About this exercise:
Could you please write out each line of the records exactly, minus the pictures?

(Stored data)

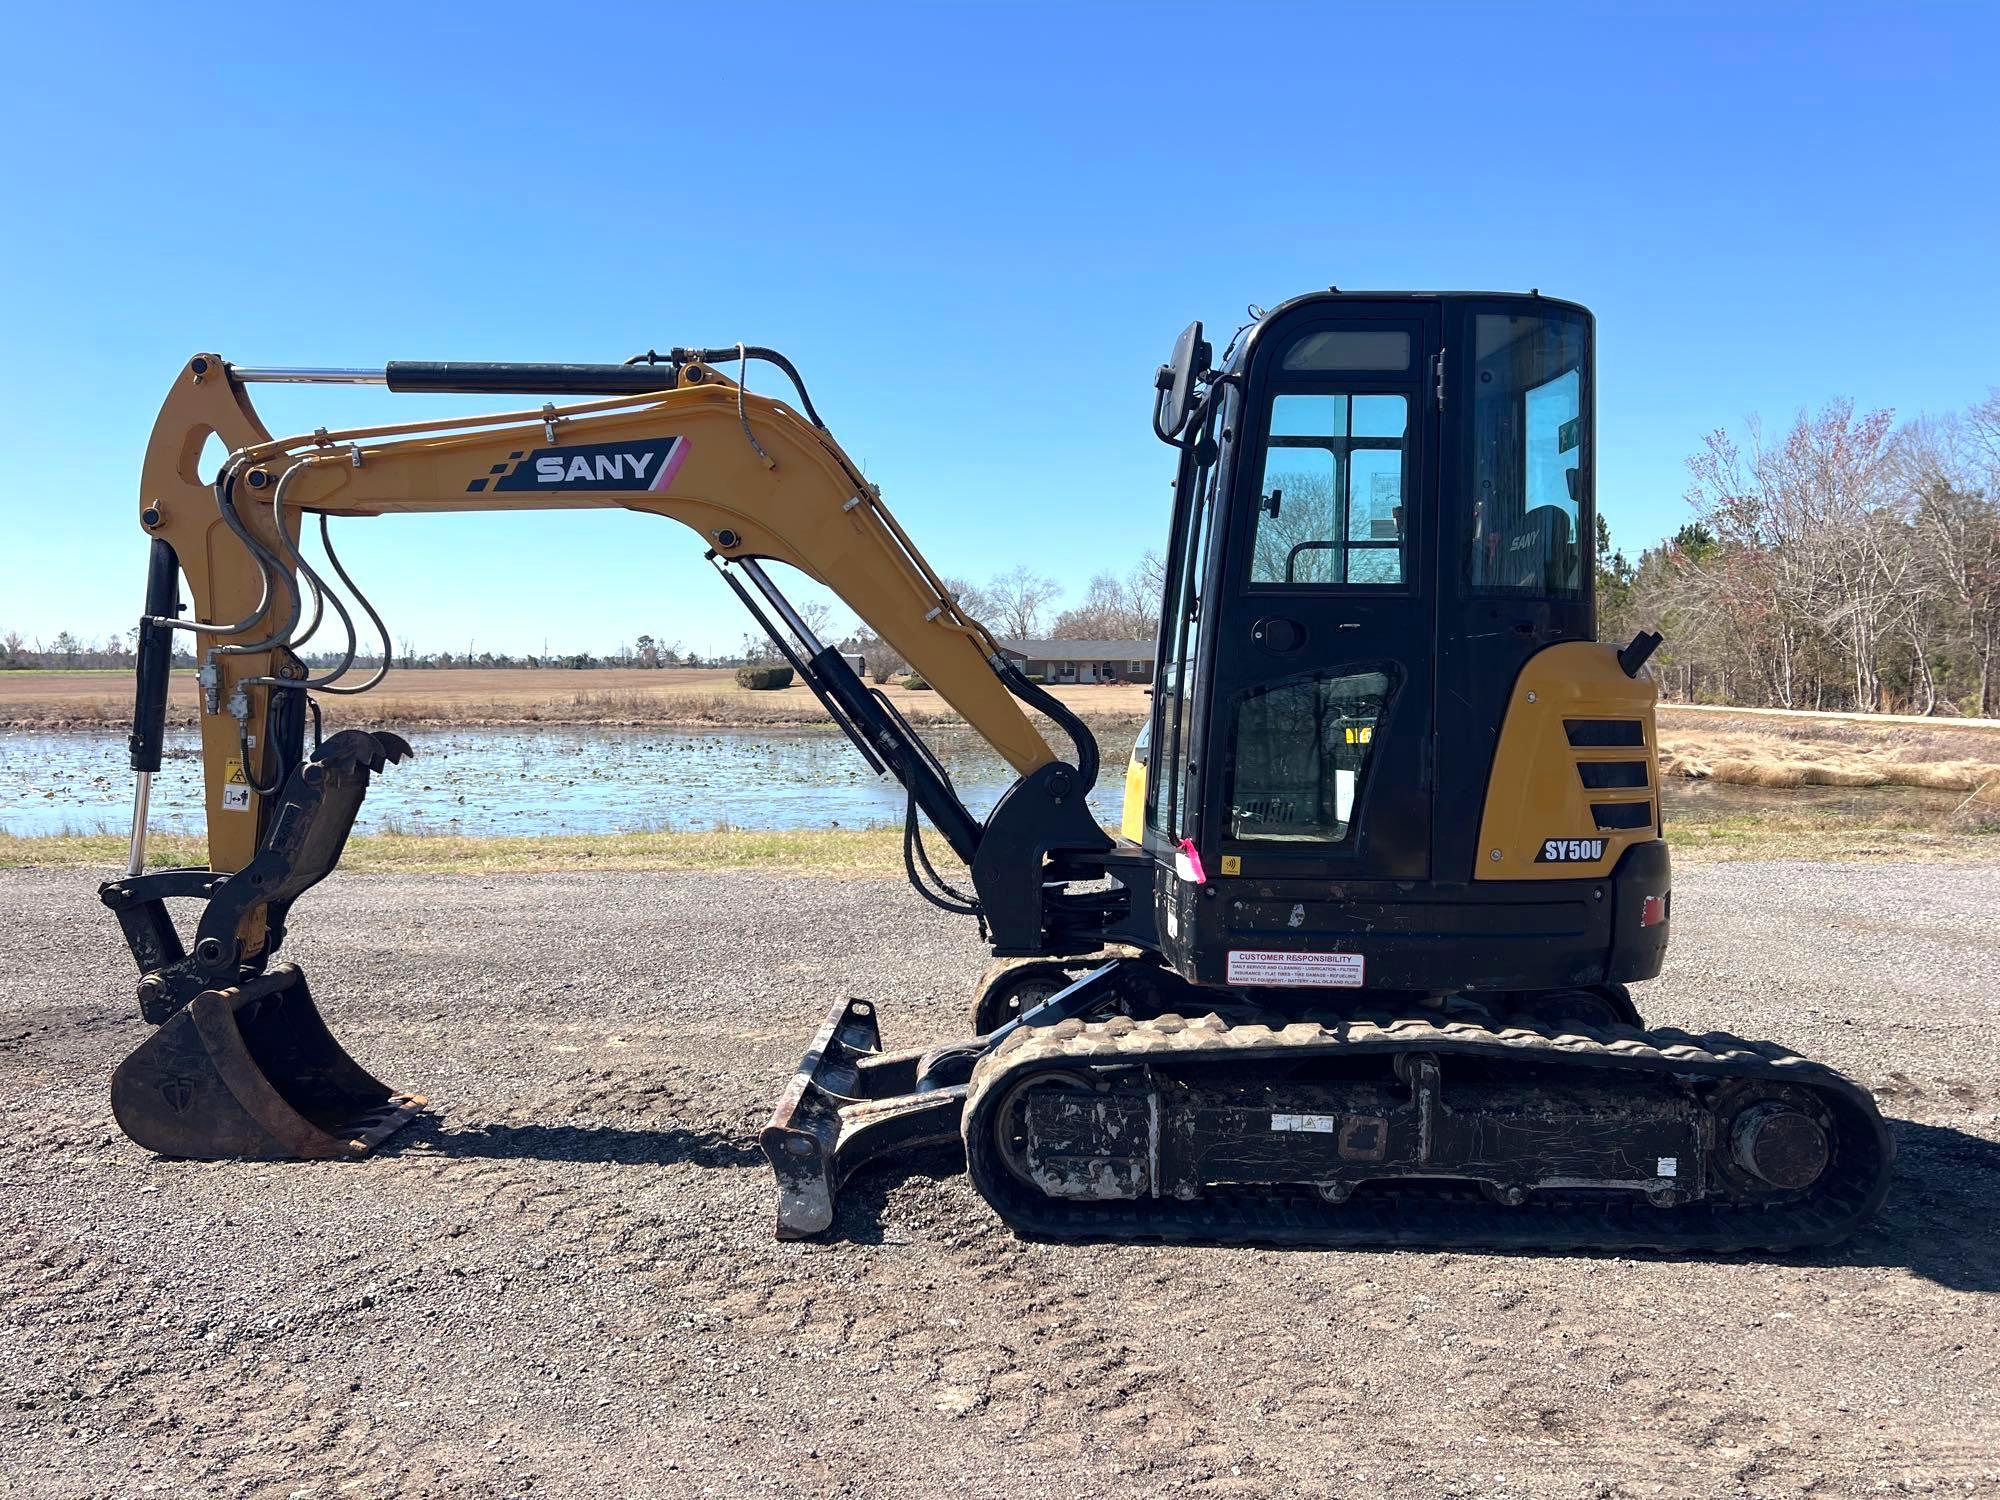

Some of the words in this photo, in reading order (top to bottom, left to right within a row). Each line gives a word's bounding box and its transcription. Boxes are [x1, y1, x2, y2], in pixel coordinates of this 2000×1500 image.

[535, 453, 654, 483] SANY
[1510, 529, 1540, 552] SANY
[1545, 840, 1602, 860] SY50U
[1239, 953, 1284, 961] CUSTOMER
[1286, 954, 1352, 963] RESPONSIBILITY
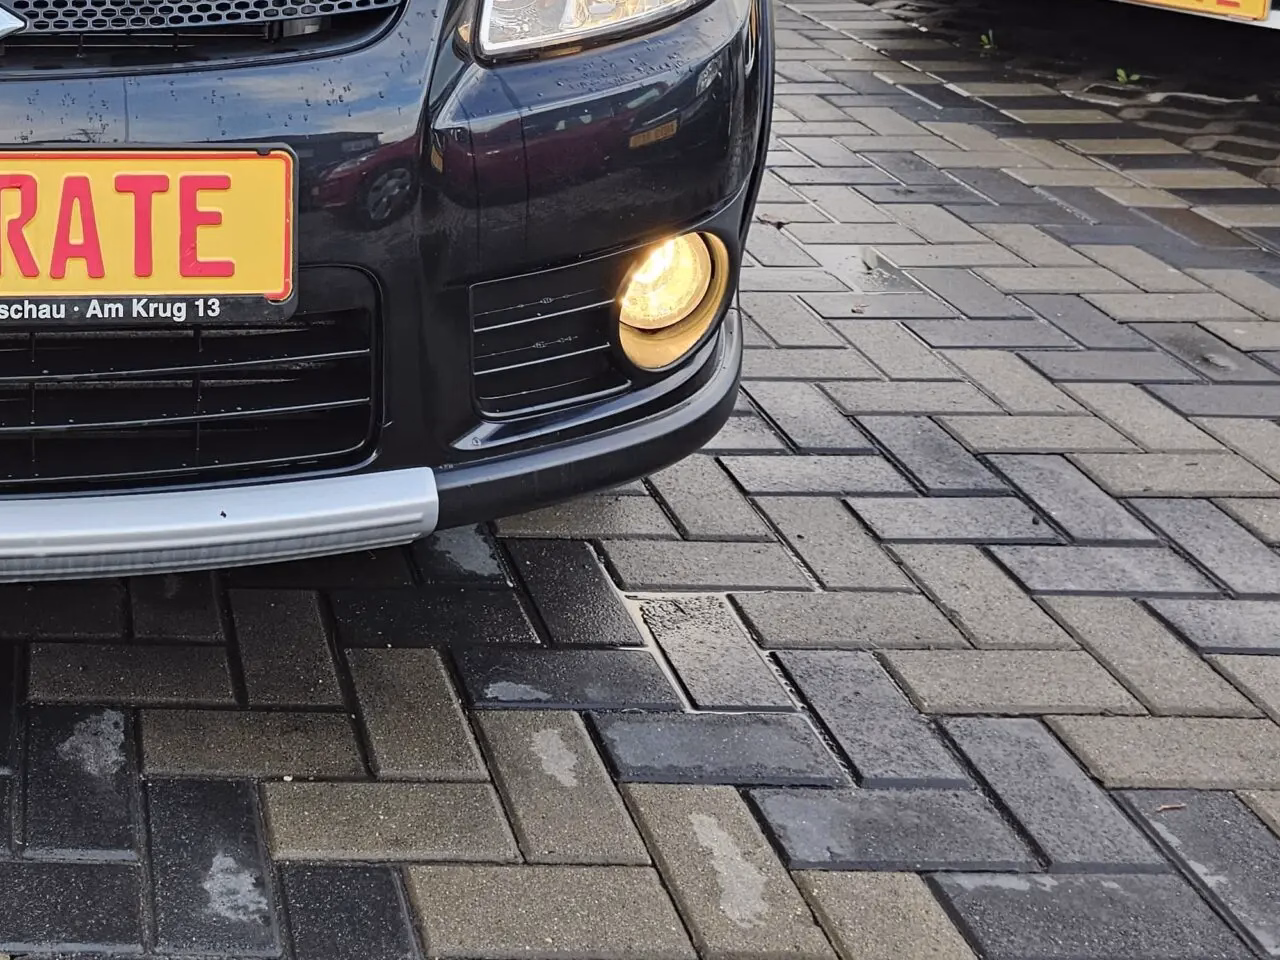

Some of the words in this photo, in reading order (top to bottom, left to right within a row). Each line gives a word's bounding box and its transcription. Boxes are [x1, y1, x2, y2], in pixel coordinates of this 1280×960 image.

[86, 298, 124, 319] Am
[132, 297, 188, 322] Krug
[194, 297, 221, 318] 13
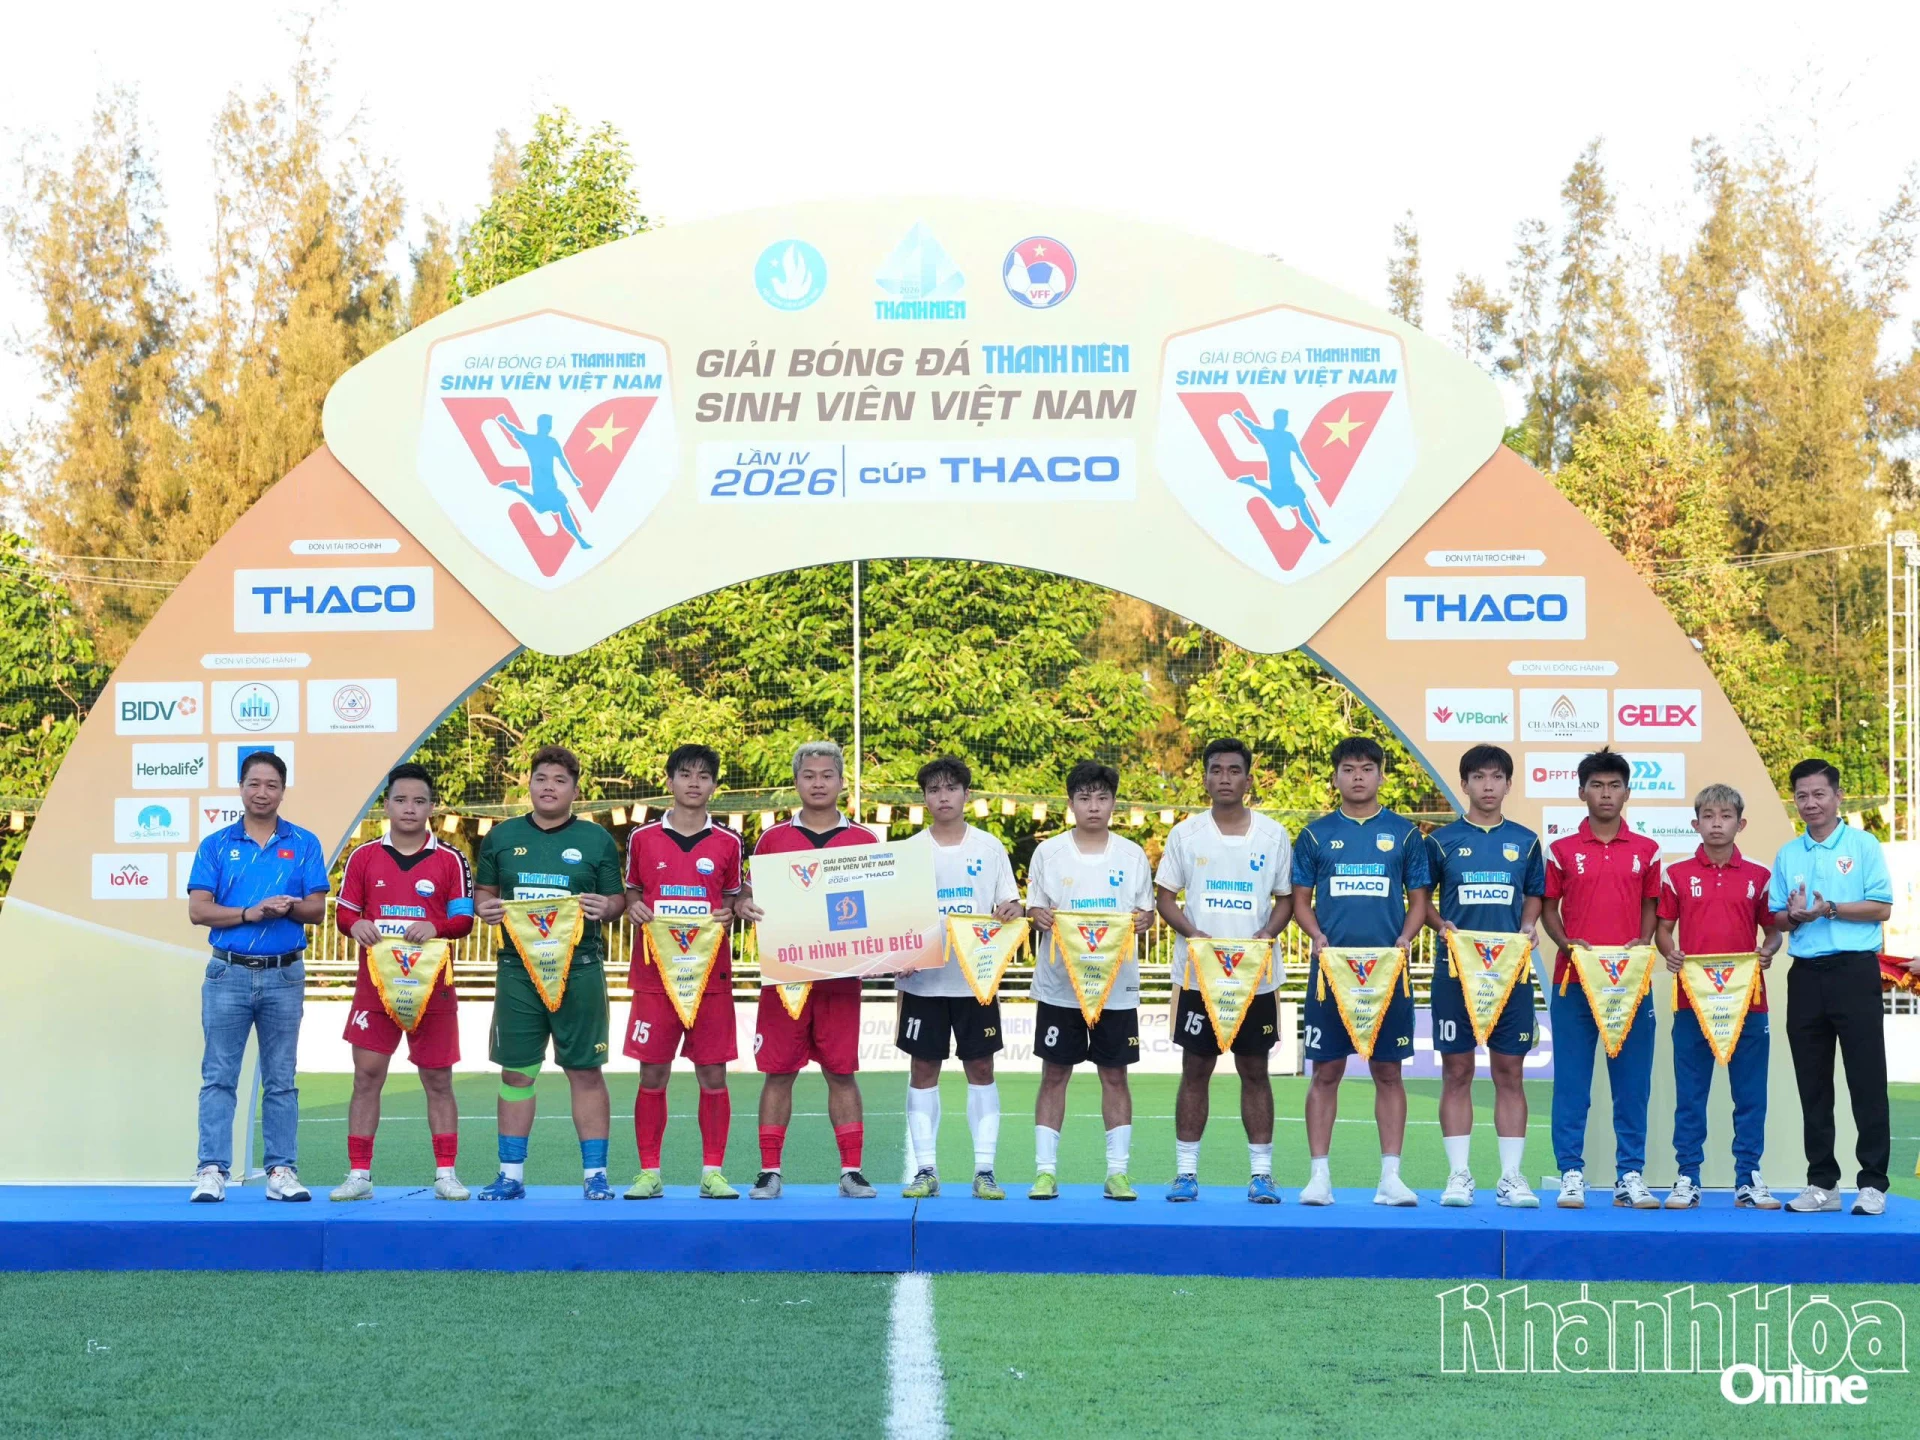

(End Stored data)

Answer to this exercise:
Some of the words in this photo, in reading order (top to bottom, left to right within a row). Each line gives a word's bounding box and its transcription. Boxes are [x1, y1, x2, y2], in pixel coordinates of this 2000×1500 image.

[535, 453, 654, 483] SANY
[1510, 529, 1540, 552] SANY
[1545, 840, 1602, 860] SY50U
[1239, 953, 1284, 961] CUSTOMER
[1286, 954, 1352, 963] RESPONSIBILITY

Some of the words in this photo, in reading order (top to bottom, left to right within a row). Each line gives a word's bounding box and its transcription. Boxes are [x1, y1, x2, y2], in pixel coordinates of this 1280×960 image.

[86, 298, 124, 319] Am
[132, 297, 188, 322] Krug
[194, 297, 221, 318] 13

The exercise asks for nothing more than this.